■ Given data ■

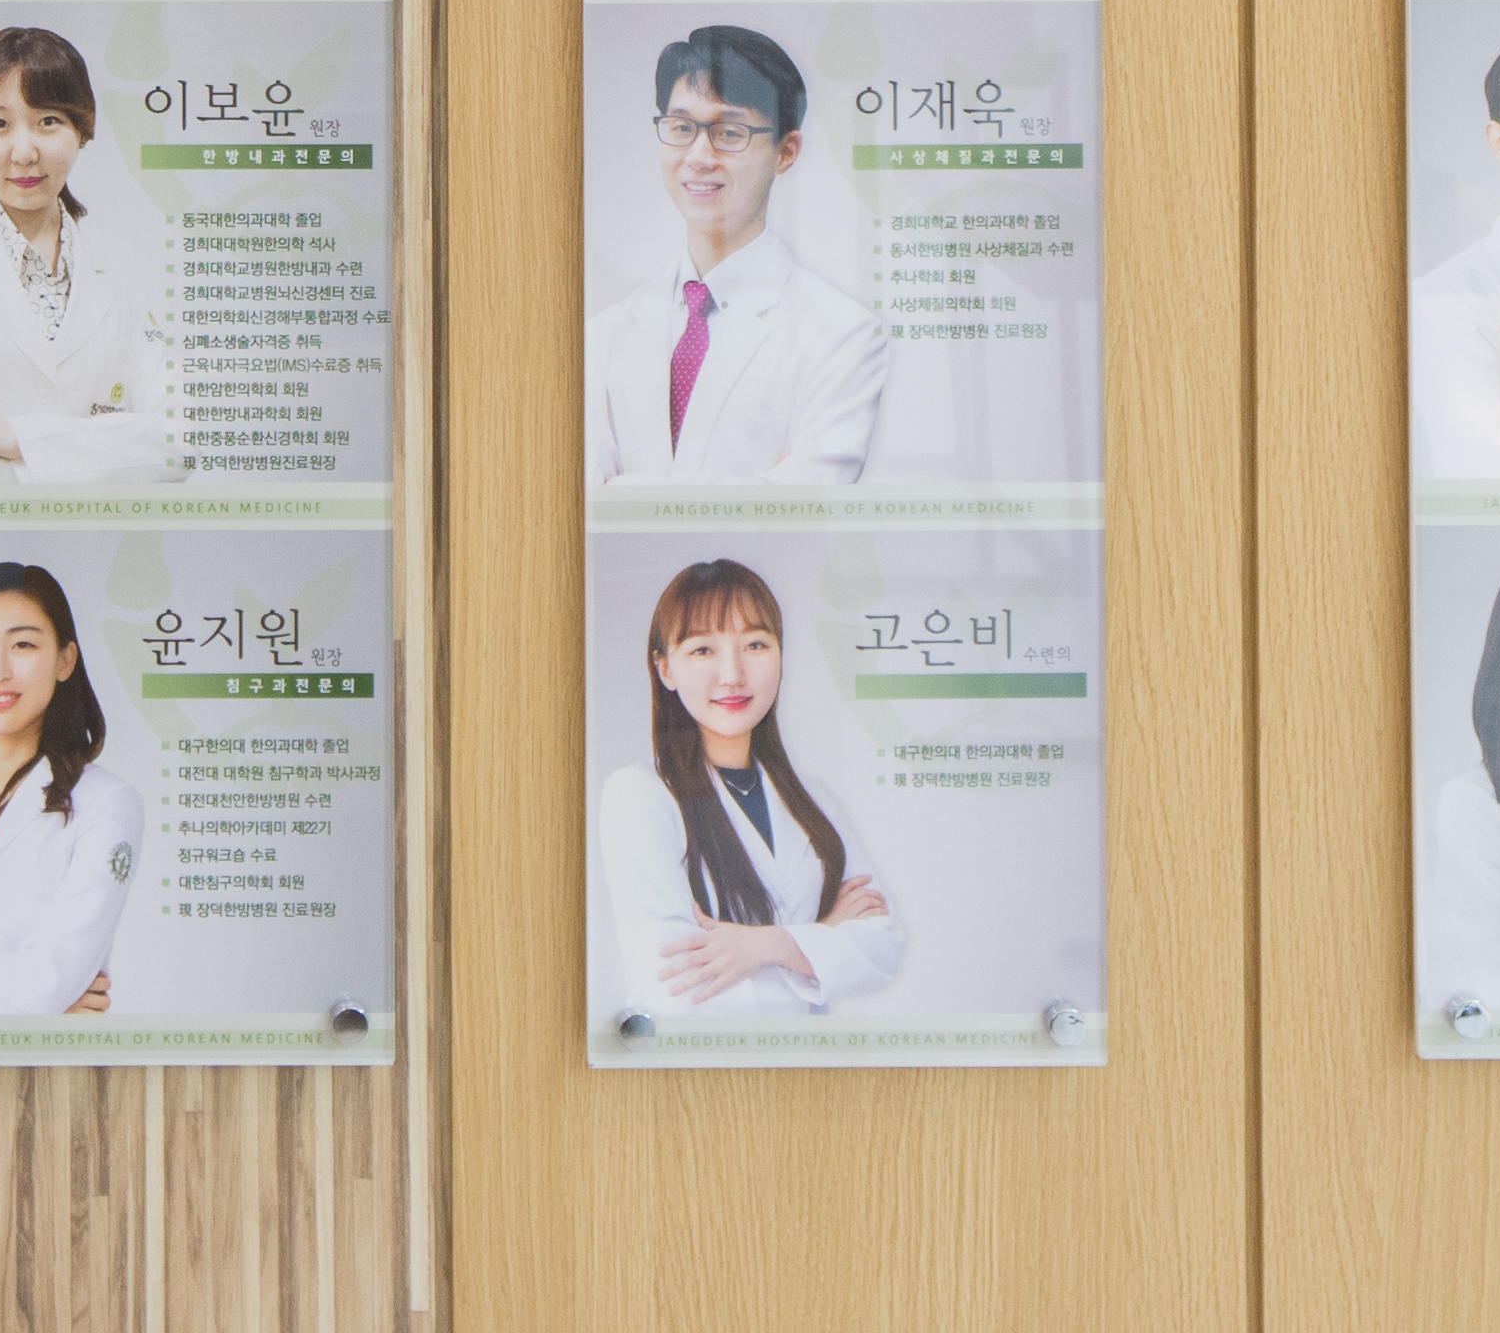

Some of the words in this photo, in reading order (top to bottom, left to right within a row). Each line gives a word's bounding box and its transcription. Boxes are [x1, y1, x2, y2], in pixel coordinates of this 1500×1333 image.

[144, 79, 305, 137] 이보윤
[309, 119, 341, 138] 원장
[854, 78, 1015, 138] 이재욱
[1019, 117, 1051, 136] 원장
[202, 149, 354, 165] 한방내과전문의
[890, 149, 1063, 165] 사상체질과전문의
[142, 608, 303, 667] 윤지원
[310, 647, 343, 667] 원장
[855, 608, 1012, 667] 고은비
[1022, 646, 1071, 665] 수련의
[226, 678, 355, 694] 침구과전문의

■ Work task ■
Copy out the data verbatim, excluding the pictures.

■ Answer section ■
Some of the words in this photo, in reading order (top to bottom, left to right within a row). Each line gives a word's bounding box and its transcription. Boxes are [x1, y1, x2, y2], in pixel coordinates of this 1500×1333 image.

[144, 79, 305, 137] 이보윤
[309, 119, 341, 138] 원장
[854, 78, 1015, 138] 이재욱
[1019, 117, 1051, 136] 원장
[202, 149, 354, 165] 한방내과전문의
[890, 149, 1063, 165] 사상체질과전문의
[142, 608, 303, 667] 윤지원
[310, 647, 343, 667] 원장
[855, 608, 1012, 667] 고은비
[1022, 646, 1071, 665] 수련의
[226, 678, 355, 694] 침구과전문의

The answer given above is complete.